Artikel 8 Wijze van heffing

  • 1.

    De belasting wordt bij wege van aanslag geheven.

Artikel 9 Ontstaan van de belastingschuld en heffing naar tijdsgelang

  • 1.

    De belasting is verschuldigd bij het begin van het belastingjaar of, zo dit later is, bij de aanvang van de belastingplicht.

  • 2.

    Indien de belastingplicht met betrekking tot het perceel voor het gebruikersdeel in de loop van het belastingjaar aanvangt, is de belasting verschuldigd over zoveel twaalfde gedeelten van het voor dat jaar verschuldigde gebruikersdeel als er in dat jaar, na de aanvang van de belastingplicht, nog volle kalendermaanden overblijven.

  • 3.

    Indien de belastingplicht met betrekking tot het perceel voor het gebruikersdeel in de loop van het belastingjaar eindigt, bestaat aanspraak op ontheffing voor zoveel twaalfde gedeelten van het voor dat jaar verschuldigde gebruikersdeel als er in dat jaar, na het einde van de belastingplicht, nog volle kalendermaanden overblijven

Artikel 10 Termijnen van betaling

  • 1.

    In afwijking van artikel 9, eerste lid, van de Invorderingswet 1990  moet een aanslag worden betaald binnen twee maanden na de dagtekening van het aanslagbiljet.

  • 2.

    In afwijking van het eerste lid geldt, zolang de verschuldigde bedragen door middel van automatische incasso kunnen worden afgeschreven, dat de aanslagen moeten worden betaald in acht gelijke termijnen. De eerste termijn vervalt één maand na de dagtekening van het aanslagbiljet en elk van de volgende termijnen telkens één maand later.

  • 3.

    De Algemene termijnenwet is niet van toepassing op de in de voorgaande leden gestelde termijnen.

  •  

Artikel 11 Nadere regels door het college van burgemeester en wethouders

Het college van burgemeester en wethouders kan nadere regels geven met betrekking tot de heffing en invordering van de rioolheffing.

Artikel 12 Overgangsrecht

  • De "Verordening Rioolheffing 2022", vastgesteld in de vergadering van de gemeenteraad van 20 december 2021, wordt ingetrokken met ingang van de in het derde lid genoemde datum van ingang van de heffing, met dien verstande dat zij van toepassing blijft op belastbare feiten die zich vóór die datum hebben voorgedaan.

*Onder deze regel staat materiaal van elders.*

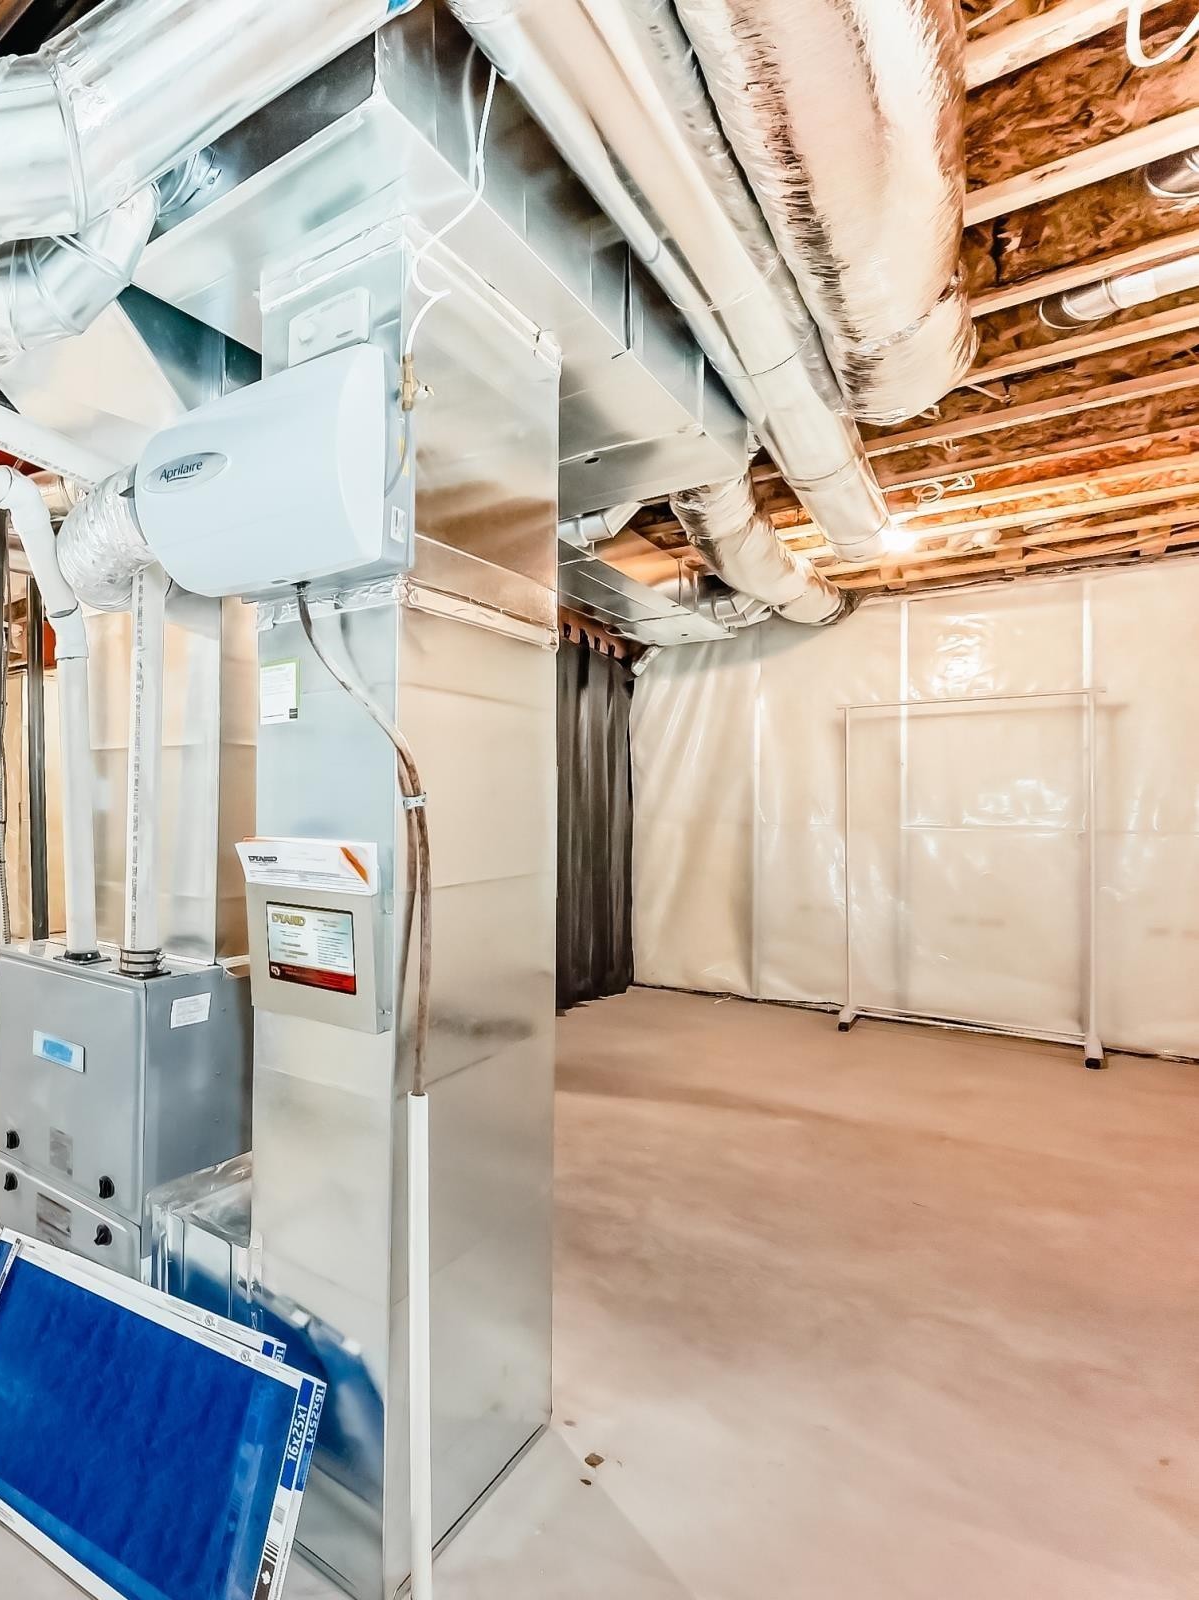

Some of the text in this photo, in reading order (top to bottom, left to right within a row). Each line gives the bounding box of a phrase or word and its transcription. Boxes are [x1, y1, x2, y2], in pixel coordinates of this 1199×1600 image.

[159, 461, 203, 483] Aprilaire
[286, 1404, 309, 1462] 16x25x1
[305, 1384, 327, 1444] 16x25x1
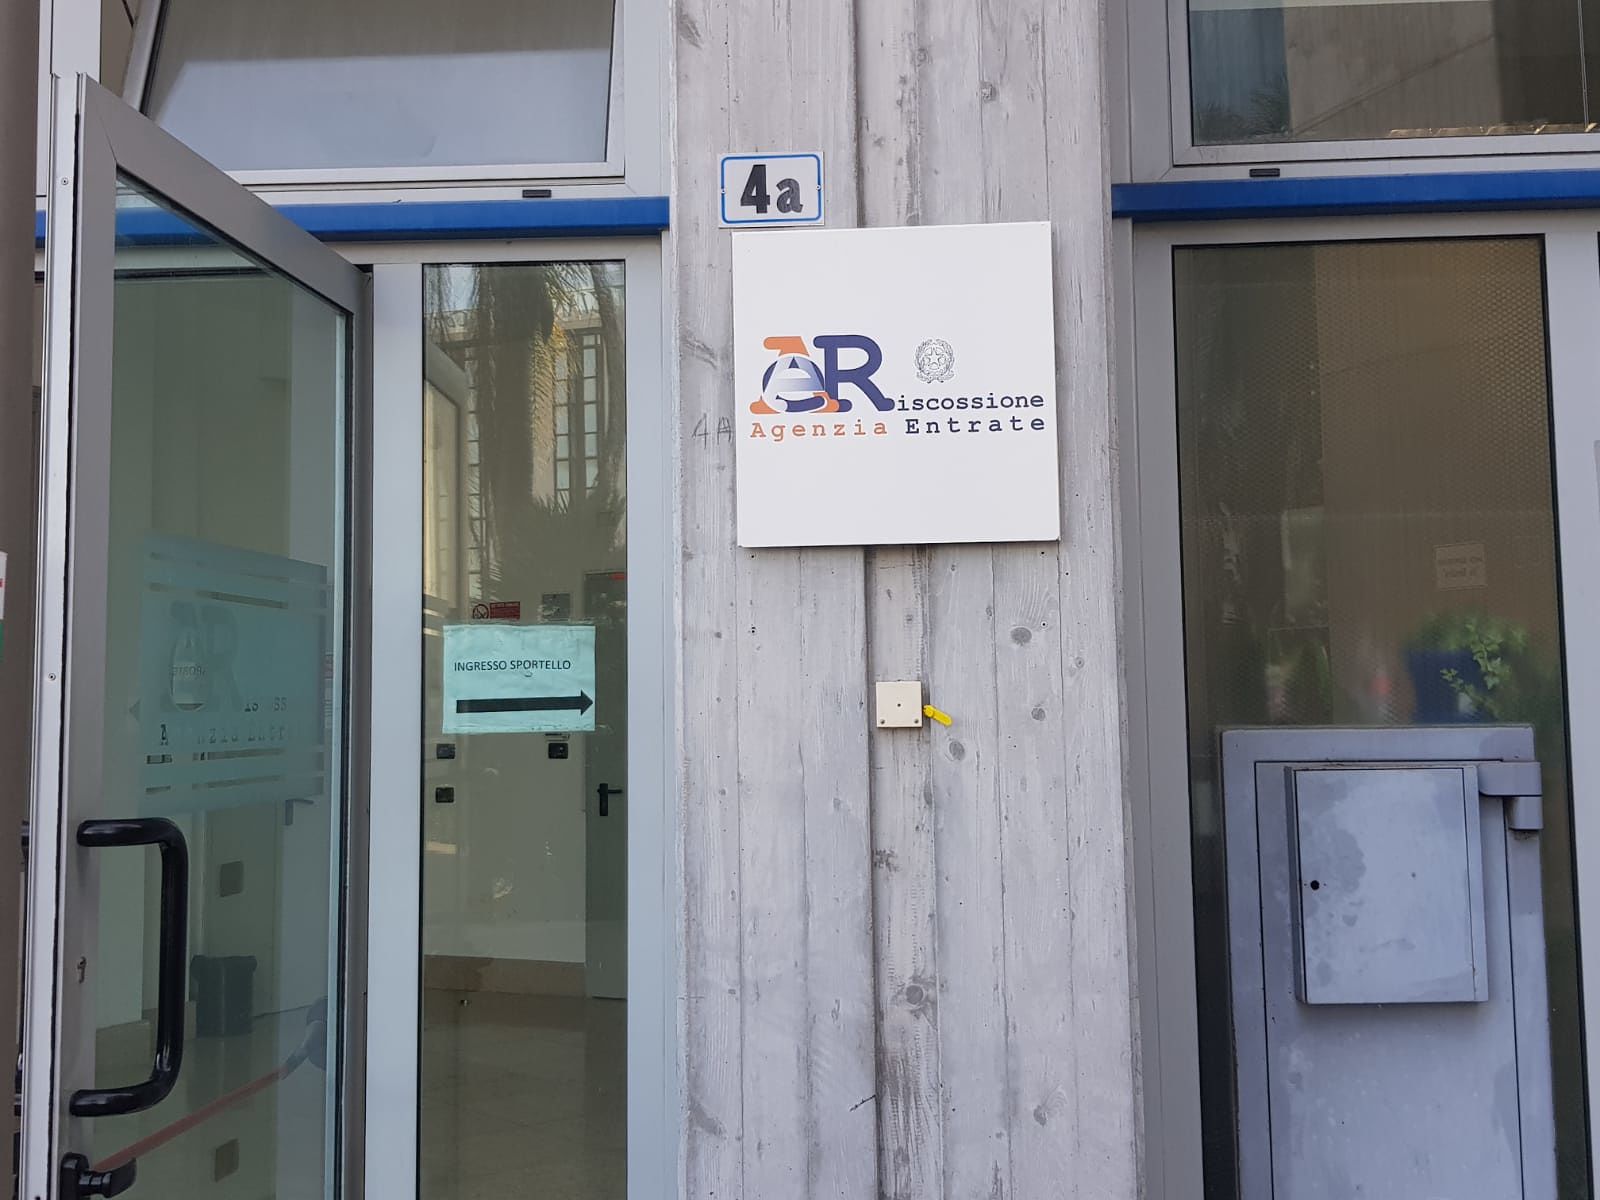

Artikel 13 Inwerkingtreding

  • 1.

    Deze verordening treedt in werking met ingang van de eerste dag na die van de bekendmaking.

  • 2.

    De datum van de ingang van de heffing is 1 januari 2023.

Artikel 14 Citeertitel

Deze verordening kan worden aangehaald als "Verordening Rioolheffing 2023".

 

 

 

 

Aldus vastgesteld in de openbare raadsvergadering van 19 december 2022.